● EXERCISE REQUIREMENTS
Find where "this 1512×1344 image." appears in the records below, then return that line and every later line exactly, stopping only at the last line.

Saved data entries
════
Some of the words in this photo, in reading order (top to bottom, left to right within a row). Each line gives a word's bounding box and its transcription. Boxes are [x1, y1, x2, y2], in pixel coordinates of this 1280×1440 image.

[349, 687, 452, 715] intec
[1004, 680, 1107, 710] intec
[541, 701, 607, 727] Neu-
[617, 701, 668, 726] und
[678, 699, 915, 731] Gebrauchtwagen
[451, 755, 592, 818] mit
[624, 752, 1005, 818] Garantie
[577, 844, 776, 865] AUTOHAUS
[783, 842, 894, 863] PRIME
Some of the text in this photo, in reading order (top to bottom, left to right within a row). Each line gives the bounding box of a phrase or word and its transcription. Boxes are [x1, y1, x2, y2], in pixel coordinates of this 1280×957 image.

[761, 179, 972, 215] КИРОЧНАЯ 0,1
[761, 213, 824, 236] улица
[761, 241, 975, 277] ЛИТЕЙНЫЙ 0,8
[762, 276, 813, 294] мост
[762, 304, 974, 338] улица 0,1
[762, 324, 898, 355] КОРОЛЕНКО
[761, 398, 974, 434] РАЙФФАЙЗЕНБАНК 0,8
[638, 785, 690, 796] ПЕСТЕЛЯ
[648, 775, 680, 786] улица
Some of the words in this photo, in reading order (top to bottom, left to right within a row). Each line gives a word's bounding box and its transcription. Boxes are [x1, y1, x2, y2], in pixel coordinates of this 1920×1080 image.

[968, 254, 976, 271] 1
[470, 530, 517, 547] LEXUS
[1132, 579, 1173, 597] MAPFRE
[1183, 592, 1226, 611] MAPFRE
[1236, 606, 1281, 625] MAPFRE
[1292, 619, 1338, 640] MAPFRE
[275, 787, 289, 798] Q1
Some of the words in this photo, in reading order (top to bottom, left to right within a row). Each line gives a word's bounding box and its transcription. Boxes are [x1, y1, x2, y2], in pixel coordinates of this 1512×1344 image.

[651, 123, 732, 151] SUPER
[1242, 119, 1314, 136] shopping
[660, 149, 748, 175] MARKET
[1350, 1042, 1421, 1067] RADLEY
════
● REPLY
Some of the words in this photo, in reading order (top to bottom, left to right within a row). Each line gives a word's bounding box and its transcription. Boxes are [x1, y1, x2, y2], in pixel coordinates of this 1512×1344 image.

[651, 123, 732, 151] SUPER
[1242, 119, 1314, 136] shopping
[660, 149, 748, 175] MARKET
[1350, 1042, 1421, 1067] RADLEY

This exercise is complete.